PingOne

User and group management

The PingOne Integration Kit synchronizes users and groups from your datastore to PingOne. The behavior of each provisioning capability is described below.

You can configure these capabilities in the Creating a provisioning connection step of the setup process.

Synchronizing existing users

PingFederate synchronizes users based on the Username attribute in PingOne. If a user already exists in your datastore and PingOne, mapping this attribute correctly links the two records together.

For example:

  • In PingOne, Janet’s Username is jsmith.

  • In your datastore, Janet’s sAMAccountName is jsmith.

  • On the Attribute Mapping tab of your provisioning connection configuration, you map the Username attribute to sAMAccountName.

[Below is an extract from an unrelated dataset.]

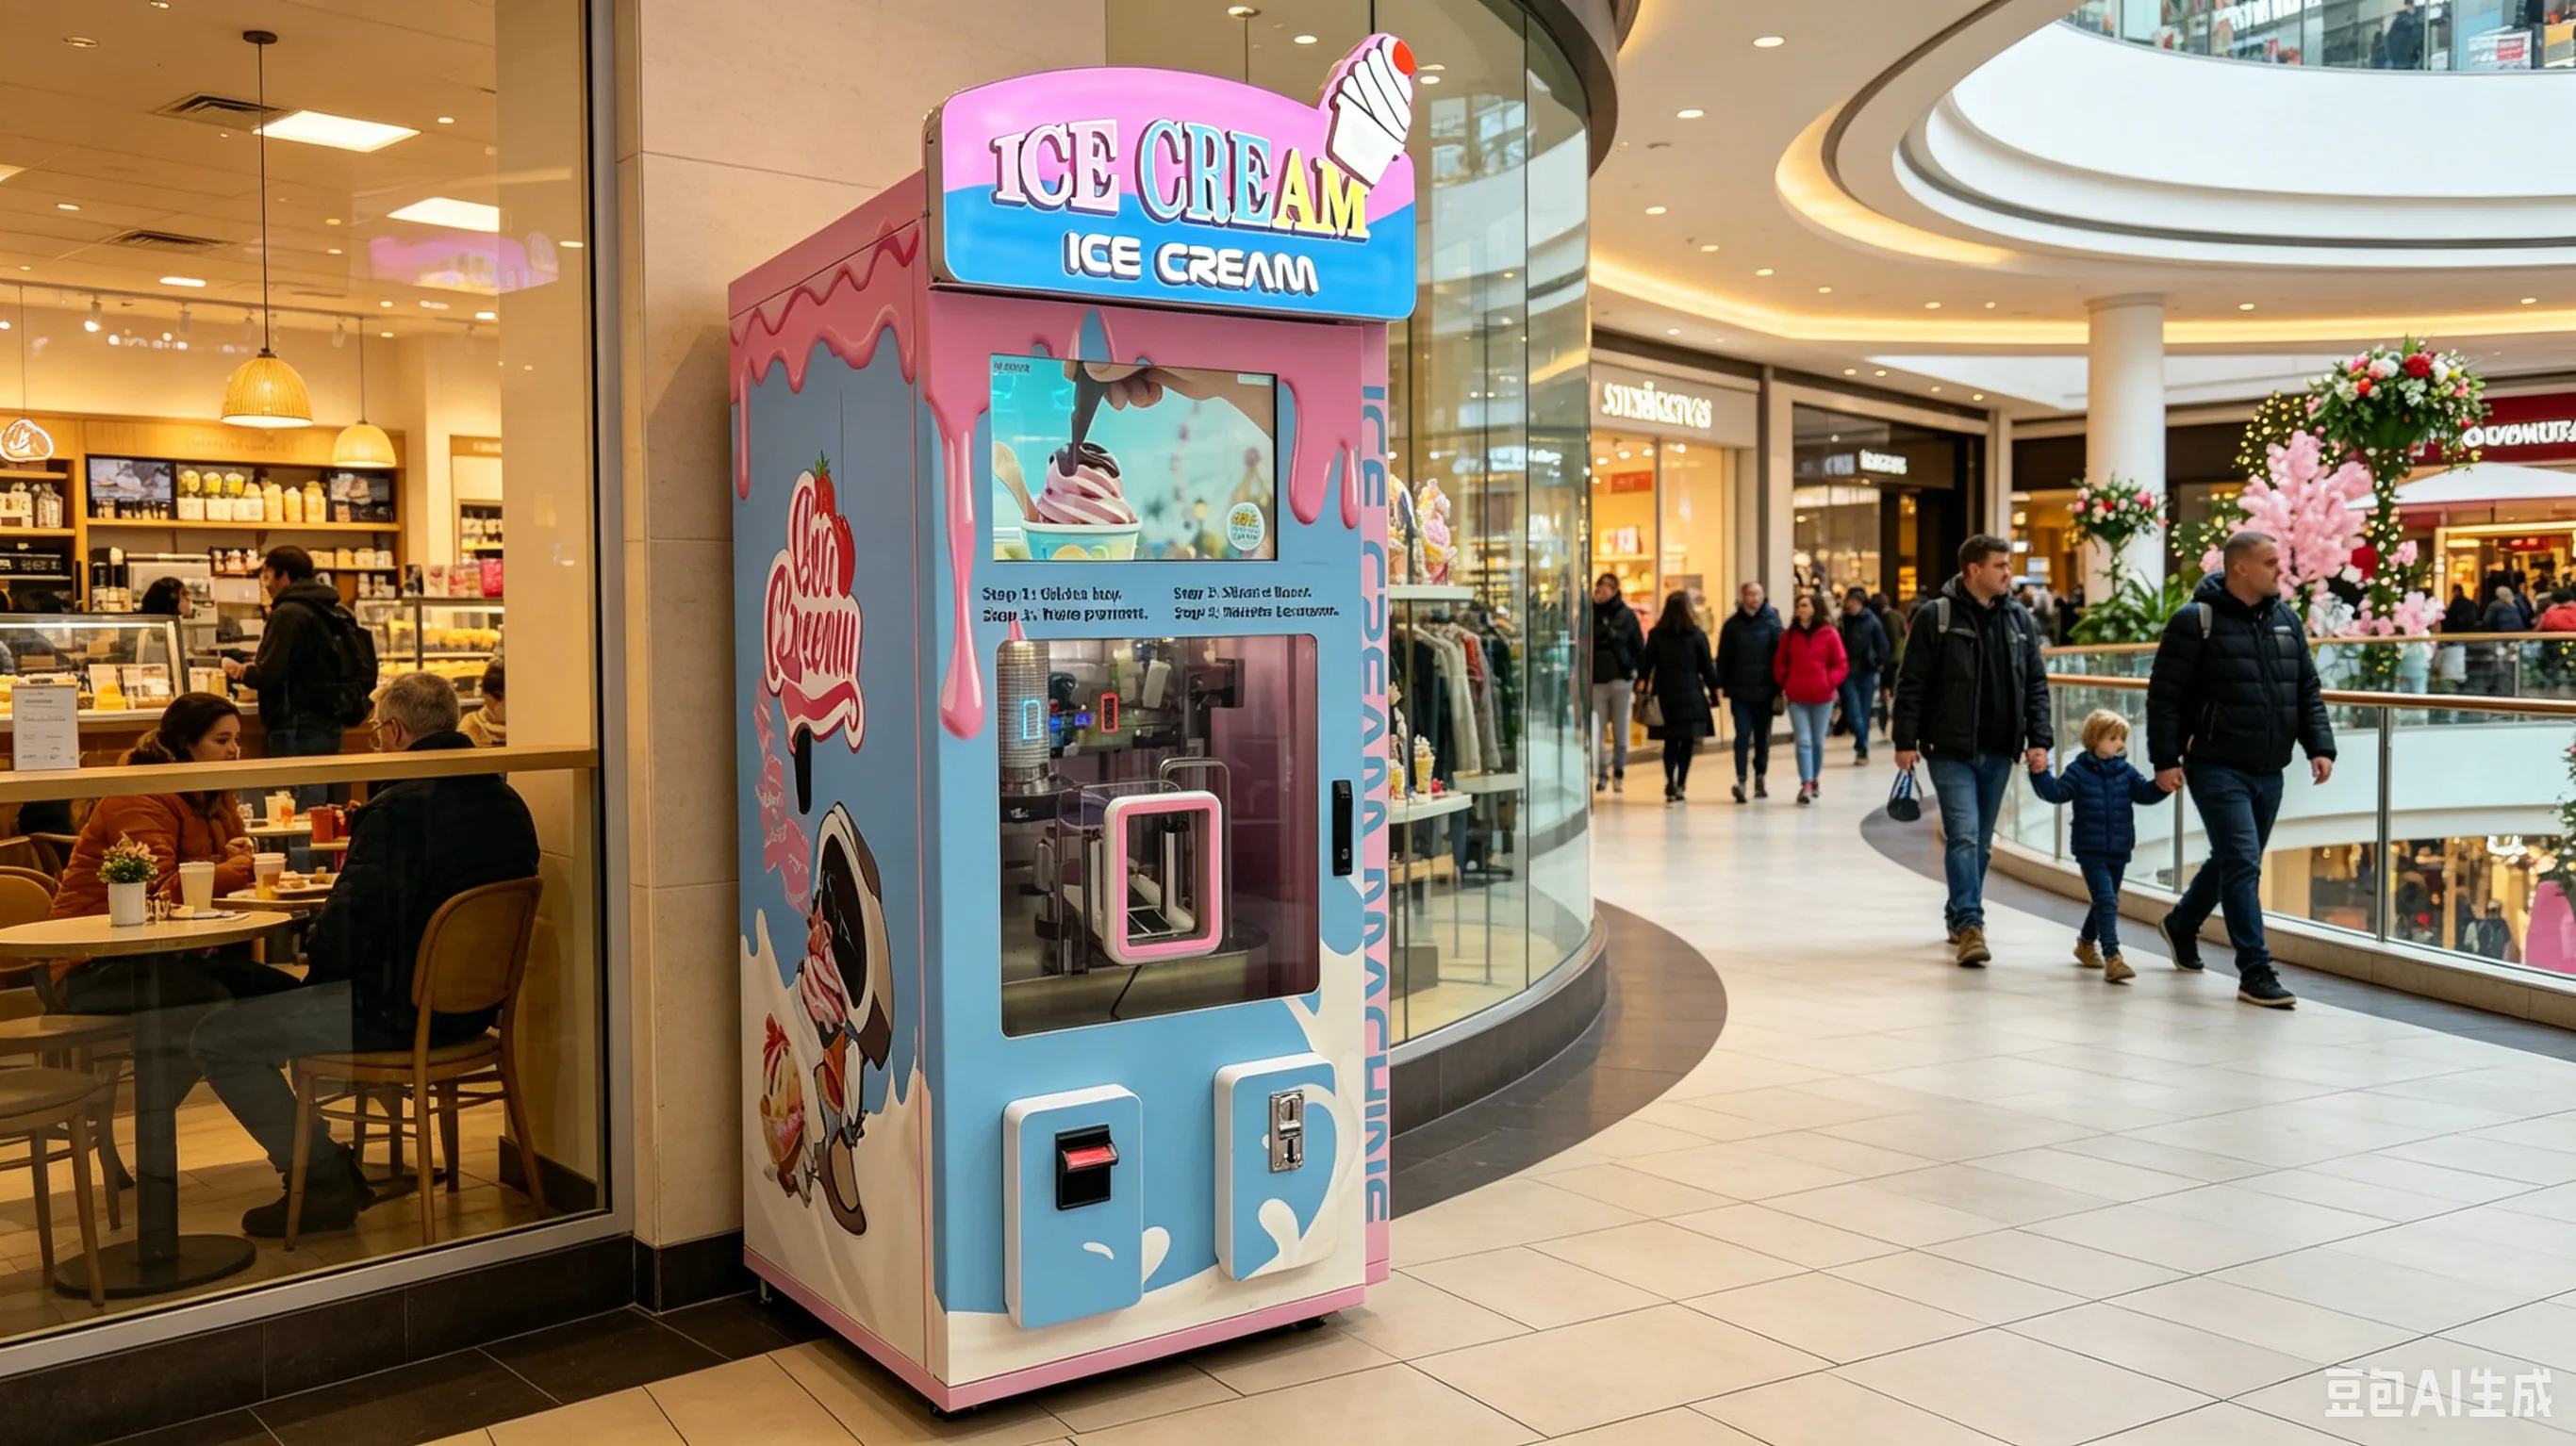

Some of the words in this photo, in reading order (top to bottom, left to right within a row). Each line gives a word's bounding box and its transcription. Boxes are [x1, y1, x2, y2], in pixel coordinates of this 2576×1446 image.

[991, 119, 1119, 216] ICE
[1135, 119, 1371, 242] CREAM
[1064, 231, 1142, 280] ICE
[1154, 241, 1319, 295] CREAM

  • When the provisioning connector runs, the datastore user is provisioned with a Username of jsmith. That matches Janet’s existing Username in PingOne, so her information in the datastore is synchronized to her PingOne account.

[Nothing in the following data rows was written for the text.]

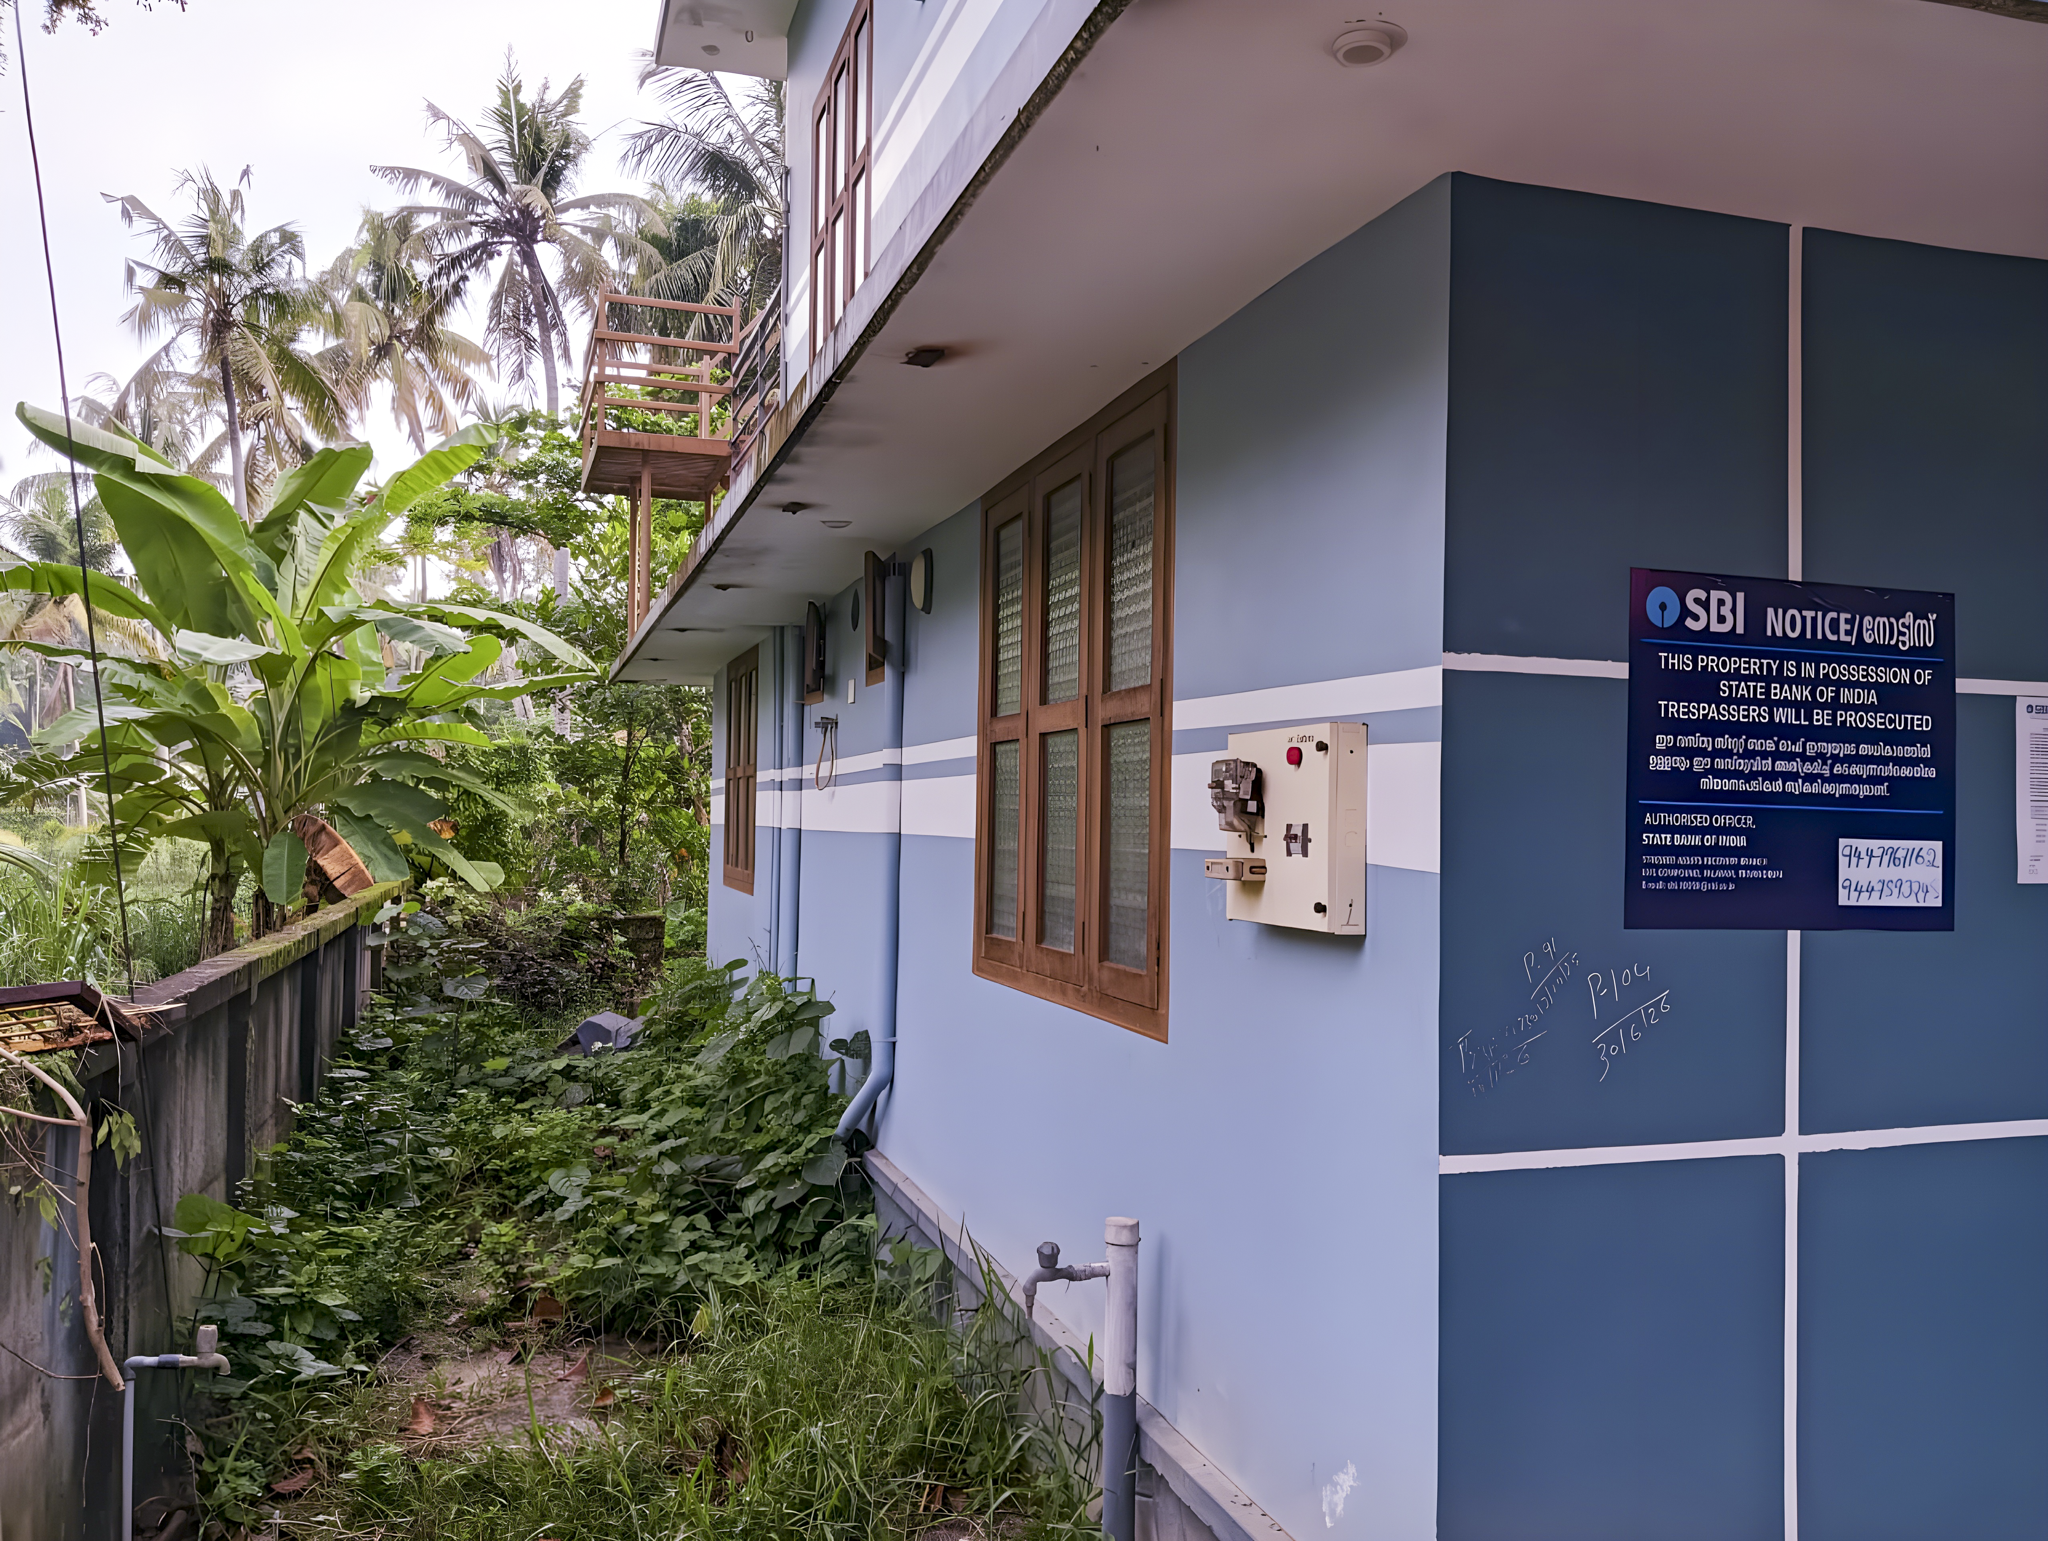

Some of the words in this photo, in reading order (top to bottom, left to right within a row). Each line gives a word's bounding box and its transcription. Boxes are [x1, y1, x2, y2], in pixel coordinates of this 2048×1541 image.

[1685, 588, 1745, 634] SBI
[1658, 652, 1693, 672] THIS
[1698, 655, 1780, 677] PROPERTY
[1783, 660, 1797, 677] IS
[1801, 661, 1816, 679] IN
[1820, 662, 1910, 685] POSSESSION
[1914, 668, 1933, 686] OF
[1719, 681, 1766, 699] STATE
[1771, 683, 1812, 702] BANK
[1816, 686, 1836, 703] OF
[1840, 687, 1878, 706] INDIA
[1658, 700, 1769, 723] TRESPASSERS
[1773, 706, 1809, 726] WILL
[1813, 709, 1833, 727] BE
[1837, 710, 1933, 731] PROSECUTED
[1644, 813, 1710, 827] AUTHORISED
[1642, 833, 1672, 845] STATE

You can map the matching data store attribute when you configure your channel in Creating a provisioning connection.

User provisioning

PingFederate provisions users when one of the following happens:

  • A user is added to the datastore group or filter that is targeted by the provisioning connector.

  • A user with "disabled" status is added to the datastore group or filter that is targeted by the provisioning connector, and the Provision disabled users provisioning option is enabled.

The Source Location tab of your provisioning connection configuration defines which users PingFederate targets for provisioning.

User updates

PingFederate updates users when a user attribute changes in your datastore.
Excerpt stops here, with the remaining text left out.